Analysis of genomic variants via gene networks
- Author(s): Hofree, Matan
- Advisor(s): Ideker, Trey
- et al.
Genome-wide measurements of genomic state offer unprecedented opportunities for biological discovery, with potential to make dramatic impact on medicine and life. One fundamental challenge is associating complex phenotypes with genetic cause. Here, I will describe efforts to advance solutions to this challenge via analysis of gene networks.
Genome-wide association studies are designed link between a phenotype and genomic loci anywhere in the genome; however, applying standard statistics to such data has fallen far short of building accurate predictive models for disease. We use Adaboost, a large-margin classification algorithm, to predict disease status in two cohorts of diabetes and suggest a method for overcoming limitations arising from correlation between genetic variants. We uncover a novel set of 163 disease-associations, missed by `classic' statistics.
Classification of cancer remains predominantly organ based and fails to account for considerable heterogeneity of outcomes. Tumor genomes provide a new source of data for uncovering subtypes, but are difficult to compare, as tumors share few mutations in common. We introduce network-based stratification (NBS), a method for integrating somatic genomes with networks encoding biological knowledge. This allows for identification of cancer subtypes by clustering tumors with mutations in similar network regions. We demonstrate NBS in multiple cancer cohorts, identifying subtypes predictive of clinical features and outcomes, and highlighting sub-networks characteristic of each.

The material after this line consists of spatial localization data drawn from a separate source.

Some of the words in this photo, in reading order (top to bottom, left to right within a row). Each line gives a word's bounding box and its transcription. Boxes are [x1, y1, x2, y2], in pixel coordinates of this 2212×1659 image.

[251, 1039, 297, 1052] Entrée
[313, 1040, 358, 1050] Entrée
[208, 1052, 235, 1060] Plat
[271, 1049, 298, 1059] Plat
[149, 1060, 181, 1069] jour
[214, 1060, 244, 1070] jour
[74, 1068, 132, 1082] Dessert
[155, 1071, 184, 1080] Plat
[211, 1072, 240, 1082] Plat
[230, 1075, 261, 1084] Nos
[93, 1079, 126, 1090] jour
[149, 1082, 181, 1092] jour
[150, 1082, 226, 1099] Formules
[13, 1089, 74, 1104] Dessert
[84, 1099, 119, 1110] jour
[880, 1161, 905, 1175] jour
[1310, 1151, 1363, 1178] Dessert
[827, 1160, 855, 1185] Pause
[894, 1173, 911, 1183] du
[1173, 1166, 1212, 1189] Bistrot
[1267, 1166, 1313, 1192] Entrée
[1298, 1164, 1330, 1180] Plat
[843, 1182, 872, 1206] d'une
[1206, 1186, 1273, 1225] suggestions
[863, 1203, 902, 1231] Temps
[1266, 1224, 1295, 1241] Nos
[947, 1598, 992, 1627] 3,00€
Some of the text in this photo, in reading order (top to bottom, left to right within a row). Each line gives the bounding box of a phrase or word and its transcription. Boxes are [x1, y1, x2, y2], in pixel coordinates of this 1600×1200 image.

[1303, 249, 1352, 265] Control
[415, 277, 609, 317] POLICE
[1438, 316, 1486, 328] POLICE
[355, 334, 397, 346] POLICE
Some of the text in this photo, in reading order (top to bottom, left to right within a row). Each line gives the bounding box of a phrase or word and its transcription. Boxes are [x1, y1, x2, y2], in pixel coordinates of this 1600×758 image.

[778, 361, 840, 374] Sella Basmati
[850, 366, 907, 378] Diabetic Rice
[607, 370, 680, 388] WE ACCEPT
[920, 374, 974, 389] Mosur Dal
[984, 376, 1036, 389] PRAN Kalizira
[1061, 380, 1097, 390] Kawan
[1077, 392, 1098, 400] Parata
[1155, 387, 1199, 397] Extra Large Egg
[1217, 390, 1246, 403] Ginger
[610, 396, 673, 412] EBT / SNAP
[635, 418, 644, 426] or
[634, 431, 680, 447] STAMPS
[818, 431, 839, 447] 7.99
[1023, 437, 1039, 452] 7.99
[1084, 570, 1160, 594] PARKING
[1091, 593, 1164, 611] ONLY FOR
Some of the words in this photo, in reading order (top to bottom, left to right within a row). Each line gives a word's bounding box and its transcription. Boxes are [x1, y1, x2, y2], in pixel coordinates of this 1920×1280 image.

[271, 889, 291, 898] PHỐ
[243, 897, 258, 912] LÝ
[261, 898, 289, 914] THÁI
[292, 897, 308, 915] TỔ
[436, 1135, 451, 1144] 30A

Current approaches for identifying cancer genes rely on the idea that particular perturbations, occurring in a subset of genes unique to each cancer type, are selected for by conferring a survival advantage to tumor cells. Such genes are expected to be enriched for mutations when examined across a population. Here we show that 30-50% of well-known cancer genes are not significantly elevated in mutation frequency. Despite this lack of enrichment, known cancer genes are enriched for mutations causing changes in amino-acid composition, protein structure properties and conservation. Furthermore, we observe 15-30% of cancer genes have altered mutation rates conditioned on other genes, each individually spanning the range of single-gene mutation frequencies, implicating a large genetic interaction network underlying human cancer. This suggests a substantial number of cancer genes will never be identified by frequency alone.